Working data: Begin
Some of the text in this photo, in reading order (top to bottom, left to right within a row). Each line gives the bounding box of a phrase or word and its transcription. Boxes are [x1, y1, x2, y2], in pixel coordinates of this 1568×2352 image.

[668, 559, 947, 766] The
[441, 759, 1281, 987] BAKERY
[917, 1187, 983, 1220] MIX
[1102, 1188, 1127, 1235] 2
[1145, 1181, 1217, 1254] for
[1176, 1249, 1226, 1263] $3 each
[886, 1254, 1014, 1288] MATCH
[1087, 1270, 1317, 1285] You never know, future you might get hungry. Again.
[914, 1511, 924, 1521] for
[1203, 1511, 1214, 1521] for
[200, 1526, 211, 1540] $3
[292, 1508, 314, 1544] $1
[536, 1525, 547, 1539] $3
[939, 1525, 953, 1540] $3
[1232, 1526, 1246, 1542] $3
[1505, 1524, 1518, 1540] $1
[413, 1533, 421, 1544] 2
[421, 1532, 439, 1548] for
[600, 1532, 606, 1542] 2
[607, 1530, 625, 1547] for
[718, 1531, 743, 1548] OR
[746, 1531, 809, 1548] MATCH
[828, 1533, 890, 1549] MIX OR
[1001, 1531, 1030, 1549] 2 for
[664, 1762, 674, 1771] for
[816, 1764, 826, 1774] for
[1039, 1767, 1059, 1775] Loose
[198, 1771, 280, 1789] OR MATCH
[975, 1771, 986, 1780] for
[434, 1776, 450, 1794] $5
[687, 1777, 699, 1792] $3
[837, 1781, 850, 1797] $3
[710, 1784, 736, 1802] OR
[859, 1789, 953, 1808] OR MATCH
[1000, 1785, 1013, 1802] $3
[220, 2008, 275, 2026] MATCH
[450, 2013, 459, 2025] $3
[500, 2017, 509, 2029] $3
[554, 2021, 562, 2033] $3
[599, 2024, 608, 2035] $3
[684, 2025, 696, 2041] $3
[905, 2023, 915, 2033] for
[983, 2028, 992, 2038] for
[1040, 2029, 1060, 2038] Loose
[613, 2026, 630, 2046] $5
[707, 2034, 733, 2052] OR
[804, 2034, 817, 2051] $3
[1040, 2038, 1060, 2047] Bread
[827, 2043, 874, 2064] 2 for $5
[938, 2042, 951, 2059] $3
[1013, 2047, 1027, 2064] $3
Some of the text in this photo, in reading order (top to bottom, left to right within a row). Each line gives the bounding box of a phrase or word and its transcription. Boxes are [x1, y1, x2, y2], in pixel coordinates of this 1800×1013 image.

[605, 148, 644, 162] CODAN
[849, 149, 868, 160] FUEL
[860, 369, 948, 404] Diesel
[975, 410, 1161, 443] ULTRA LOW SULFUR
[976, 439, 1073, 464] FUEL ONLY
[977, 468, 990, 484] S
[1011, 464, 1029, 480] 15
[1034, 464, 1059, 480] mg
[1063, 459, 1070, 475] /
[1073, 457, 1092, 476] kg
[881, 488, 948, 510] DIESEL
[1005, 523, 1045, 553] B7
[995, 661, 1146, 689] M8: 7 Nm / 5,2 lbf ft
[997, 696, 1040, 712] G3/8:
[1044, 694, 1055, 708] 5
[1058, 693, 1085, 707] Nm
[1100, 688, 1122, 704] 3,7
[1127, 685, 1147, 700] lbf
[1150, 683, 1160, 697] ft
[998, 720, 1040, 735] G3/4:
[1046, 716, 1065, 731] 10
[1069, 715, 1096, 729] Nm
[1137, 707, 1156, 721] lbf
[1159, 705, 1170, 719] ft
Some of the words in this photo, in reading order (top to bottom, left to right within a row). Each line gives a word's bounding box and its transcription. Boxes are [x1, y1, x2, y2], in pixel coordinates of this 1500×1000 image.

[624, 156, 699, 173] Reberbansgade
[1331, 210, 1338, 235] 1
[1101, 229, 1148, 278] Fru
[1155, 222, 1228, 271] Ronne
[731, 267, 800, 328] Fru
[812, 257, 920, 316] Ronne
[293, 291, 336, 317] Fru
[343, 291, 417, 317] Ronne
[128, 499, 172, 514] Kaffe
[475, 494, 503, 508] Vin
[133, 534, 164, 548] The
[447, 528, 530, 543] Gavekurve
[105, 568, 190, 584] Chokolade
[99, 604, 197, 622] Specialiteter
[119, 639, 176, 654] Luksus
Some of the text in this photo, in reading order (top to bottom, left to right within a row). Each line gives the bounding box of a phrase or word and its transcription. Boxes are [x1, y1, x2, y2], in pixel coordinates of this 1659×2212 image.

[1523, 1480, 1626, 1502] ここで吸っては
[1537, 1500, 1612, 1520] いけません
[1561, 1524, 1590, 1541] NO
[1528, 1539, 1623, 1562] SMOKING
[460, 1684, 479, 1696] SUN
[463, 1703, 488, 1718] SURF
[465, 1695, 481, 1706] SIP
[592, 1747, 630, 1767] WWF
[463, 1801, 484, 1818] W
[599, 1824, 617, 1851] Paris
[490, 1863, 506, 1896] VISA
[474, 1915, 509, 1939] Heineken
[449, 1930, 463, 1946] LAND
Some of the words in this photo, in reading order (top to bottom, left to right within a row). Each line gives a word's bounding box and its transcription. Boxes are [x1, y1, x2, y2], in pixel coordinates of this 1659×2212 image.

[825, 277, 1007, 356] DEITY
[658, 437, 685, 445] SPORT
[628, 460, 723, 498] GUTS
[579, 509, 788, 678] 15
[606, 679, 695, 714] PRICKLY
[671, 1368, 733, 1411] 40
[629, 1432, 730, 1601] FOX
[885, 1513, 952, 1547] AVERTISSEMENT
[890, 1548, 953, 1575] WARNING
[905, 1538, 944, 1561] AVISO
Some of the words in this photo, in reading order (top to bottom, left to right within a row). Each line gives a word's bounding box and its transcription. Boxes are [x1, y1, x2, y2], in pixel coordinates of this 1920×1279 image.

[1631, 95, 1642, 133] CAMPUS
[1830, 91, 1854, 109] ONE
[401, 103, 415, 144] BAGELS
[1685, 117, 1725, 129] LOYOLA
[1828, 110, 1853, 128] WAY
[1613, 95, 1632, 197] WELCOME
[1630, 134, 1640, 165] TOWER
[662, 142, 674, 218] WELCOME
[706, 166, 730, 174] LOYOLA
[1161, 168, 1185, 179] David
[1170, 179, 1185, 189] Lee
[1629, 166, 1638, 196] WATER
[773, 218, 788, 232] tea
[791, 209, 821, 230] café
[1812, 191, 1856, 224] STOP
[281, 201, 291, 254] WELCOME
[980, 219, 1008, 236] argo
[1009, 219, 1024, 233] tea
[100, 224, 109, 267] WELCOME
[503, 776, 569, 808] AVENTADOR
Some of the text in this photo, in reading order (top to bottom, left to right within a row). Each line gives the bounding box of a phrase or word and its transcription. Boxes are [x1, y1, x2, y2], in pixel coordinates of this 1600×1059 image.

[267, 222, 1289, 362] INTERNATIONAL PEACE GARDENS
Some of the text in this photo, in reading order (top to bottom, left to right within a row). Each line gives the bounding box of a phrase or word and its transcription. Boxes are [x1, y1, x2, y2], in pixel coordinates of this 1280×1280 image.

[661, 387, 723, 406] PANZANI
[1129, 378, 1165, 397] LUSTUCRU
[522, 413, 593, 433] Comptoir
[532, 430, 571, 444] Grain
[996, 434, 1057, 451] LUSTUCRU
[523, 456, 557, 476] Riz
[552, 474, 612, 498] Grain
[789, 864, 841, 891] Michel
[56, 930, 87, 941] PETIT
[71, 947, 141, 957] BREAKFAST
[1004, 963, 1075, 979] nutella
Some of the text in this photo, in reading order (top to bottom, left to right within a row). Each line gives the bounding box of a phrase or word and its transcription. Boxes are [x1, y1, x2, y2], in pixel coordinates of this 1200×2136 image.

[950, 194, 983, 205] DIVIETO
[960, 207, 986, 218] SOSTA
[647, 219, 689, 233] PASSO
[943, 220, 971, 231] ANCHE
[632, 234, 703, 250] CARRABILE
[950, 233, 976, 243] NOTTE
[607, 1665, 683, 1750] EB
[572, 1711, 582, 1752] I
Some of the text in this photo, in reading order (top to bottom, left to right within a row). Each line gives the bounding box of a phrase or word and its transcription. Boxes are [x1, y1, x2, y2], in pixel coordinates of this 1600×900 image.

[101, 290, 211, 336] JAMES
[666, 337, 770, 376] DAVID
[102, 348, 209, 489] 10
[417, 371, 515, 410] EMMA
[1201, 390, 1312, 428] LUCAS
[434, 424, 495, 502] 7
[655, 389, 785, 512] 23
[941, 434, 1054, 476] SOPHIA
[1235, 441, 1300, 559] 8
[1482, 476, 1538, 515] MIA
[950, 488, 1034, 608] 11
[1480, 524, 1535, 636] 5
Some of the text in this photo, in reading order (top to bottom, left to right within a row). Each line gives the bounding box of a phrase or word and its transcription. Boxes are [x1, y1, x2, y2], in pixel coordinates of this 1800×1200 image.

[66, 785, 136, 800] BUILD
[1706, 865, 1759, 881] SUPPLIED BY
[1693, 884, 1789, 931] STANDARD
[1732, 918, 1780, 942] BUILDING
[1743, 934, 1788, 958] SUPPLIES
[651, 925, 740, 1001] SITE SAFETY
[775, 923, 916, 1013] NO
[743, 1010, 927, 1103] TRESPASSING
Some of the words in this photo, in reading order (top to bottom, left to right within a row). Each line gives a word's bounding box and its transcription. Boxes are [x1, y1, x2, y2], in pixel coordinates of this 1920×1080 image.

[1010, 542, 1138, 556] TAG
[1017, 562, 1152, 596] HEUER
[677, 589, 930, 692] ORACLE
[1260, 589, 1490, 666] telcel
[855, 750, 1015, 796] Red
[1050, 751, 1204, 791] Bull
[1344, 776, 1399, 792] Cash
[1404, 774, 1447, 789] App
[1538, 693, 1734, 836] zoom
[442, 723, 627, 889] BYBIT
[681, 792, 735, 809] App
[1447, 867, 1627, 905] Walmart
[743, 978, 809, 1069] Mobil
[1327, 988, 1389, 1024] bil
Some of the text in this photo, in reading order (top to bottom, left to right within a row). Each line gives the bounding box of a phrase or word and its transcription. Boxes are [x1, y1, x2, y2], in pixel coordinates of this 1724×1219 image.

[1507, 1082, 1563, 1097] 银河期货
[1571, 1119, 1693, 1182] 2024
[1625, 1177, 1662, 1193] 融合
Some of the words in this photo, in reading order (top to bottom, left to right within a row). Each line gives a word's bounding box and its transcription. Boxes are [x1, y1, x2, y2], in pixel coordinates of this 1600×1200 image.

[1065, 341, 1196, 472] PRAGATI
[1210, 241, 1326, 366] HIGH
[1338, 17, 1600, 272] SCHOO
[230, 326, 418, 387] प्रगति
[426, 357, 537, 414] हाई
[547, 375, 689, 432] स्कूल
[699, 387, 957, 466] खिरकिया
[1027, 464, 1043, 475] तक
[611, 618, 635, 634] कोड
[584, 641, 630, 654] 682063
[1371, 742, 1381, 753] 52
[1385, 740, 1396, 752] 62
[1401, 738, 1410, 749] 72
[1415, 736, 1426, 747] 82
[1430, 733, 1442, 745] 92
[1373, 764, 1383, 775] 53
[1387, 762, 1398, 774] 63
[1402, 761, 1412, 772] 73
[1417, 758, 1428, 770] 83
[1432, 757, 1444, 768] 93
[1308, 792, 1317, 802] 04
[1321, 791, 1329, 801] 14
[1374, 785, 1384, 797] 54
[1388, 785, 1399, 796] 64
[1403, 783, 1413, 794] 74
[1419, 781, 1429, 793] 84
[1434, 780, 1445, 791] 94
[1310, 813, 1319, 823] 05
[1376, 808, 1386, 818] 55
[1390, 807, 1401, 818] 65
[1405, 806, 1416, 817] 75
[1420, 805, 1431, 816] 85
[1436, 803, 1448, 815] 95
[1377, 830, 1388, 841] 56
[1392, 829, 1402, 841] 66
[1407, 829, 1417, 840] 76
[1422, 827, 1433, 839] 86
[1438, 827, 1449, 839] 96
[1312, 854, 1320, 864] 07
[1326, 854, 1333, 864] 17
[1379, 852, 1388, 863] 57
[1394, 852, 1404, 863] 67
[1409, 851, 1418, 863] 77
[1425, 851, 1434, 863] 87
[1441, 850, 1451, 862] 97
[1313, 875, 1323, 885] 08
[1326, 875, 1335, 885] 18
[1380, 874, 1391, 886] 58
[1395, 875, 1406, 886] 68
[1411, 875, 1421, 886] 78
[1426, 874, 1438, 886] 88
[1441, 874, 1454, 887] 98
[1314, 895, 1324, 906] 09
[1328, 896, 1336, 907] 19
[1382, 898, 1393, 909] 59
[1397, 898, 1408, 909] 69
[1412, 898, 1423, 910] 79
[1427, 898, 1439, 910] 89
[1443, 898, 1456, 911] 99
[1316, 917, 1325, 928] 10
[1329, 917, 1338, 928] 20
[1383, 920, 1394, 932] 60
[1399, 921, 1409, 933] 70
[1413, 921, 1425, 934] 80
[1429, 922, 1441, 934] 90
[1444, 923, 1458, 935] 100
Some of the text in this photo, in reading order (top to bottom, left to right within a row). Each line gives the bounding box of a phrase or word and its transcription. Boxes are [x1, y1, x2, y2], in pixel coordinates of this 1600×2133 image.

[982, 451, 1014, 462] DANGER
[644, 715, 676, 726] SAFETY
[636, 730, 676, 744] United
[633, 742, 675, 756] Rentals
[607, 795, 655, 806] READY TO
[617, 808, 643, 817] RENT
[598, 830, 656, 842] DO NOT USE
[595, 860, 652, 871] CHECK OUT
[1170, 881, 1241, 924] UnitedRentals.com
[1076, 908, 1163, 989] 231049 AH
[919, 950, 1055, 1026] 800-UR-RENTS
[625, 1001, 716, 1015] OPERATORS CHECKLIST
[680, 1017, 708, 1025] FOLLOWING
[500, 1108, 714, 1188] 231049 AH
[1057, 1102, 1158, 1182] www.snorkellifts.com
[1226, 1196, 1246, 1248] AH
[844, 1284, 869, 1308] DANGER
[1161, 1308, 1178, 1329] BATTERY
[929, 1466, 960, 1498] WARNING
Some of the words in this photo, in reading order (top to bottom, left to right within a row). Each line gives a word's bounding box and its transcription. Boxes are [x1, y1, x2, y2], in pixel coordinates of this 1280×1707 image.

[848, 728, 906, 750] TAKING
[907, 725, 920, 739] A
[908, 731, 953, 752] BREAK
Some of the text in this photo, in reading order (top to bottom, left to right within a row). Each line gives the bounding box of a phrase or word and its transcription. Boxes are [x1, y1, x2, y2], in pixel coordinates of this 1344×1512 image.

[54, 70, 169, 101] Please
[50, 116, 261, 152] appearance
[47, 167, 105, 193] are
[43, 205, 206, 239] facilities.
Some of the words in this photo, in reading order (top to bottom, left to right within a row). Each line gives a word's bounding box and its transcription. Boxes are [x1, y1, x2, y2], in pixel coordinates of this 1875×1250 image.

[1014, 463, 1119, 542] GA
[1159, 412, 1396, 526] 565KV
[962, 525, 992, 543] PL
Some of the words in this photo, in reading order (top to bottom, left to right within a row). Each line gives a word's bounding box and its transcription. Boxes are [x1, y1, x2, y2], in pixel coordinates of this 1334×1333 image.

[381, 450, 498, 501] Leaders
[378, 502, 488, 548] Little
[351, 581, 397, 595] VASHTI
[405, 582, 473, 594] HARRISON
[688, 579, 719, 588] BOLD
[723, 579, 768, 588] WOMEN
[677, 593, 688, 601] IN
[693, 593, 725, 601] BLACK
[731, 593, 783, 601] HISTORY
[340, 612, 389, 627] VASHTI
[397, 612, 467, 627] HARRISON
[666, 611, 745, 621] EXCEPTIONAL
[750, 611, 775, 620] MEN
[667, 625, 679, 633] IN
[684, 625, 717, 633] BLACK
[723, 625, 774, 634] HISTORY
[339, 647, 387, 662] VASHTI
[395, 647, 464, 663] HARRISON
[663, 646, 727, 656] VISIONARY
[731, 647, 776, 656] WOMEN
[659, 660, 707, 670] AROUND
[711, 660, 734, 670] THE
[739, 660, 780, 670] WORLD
Working data: End
Work task =>
Exact retyping is required: the line with "this 1334×1333 image." through the end of the data, both ends included, and no other line.

Answer section =>
Some of the words in this photo, in reading order (top to bottom, left to right within a row). Each line gives a word's bounding box and its transcription. Boxes are [x1, y1, x2, y2], in pixel coordinates of this 1334×1333 image.

[381, 450, 498, 501] Leaders
[378, 502, 488, 548] Little
[351, 581, 397, 595] VASHTI
[405, 582, 473, 594] HARRISON
[688, 579, 719, 588] BOLD
[723, 579, 768, 588] WOMEN
[677, 593, 688, 601] IN
[693, 593, 725, 601] BLACK
[731, 593, 783, 601] HISTORY
[340, 612, 389, 627] VASHTI
[397, 612, 467, 627] HARRISON
[666, 611, 745, 621] EXCEPTIONAL
[750, 611, 775, 620] MEN
[667, 625, 679, 633] IN
[684, 625, 717, 633] BLACK
[723, 625, 774, 634] HISTORY
[339, 647, 387, 662] VASHTI
[395, 647, 464, 663] HARRISON
[663, 646, 727, 656] VISIONARY
[731, 647, 776, 656] WOMEN
[659, 660, 707, 670] AROUND
[711, 660, 734, 670] THE
[739, 660, 780, 670] WORLD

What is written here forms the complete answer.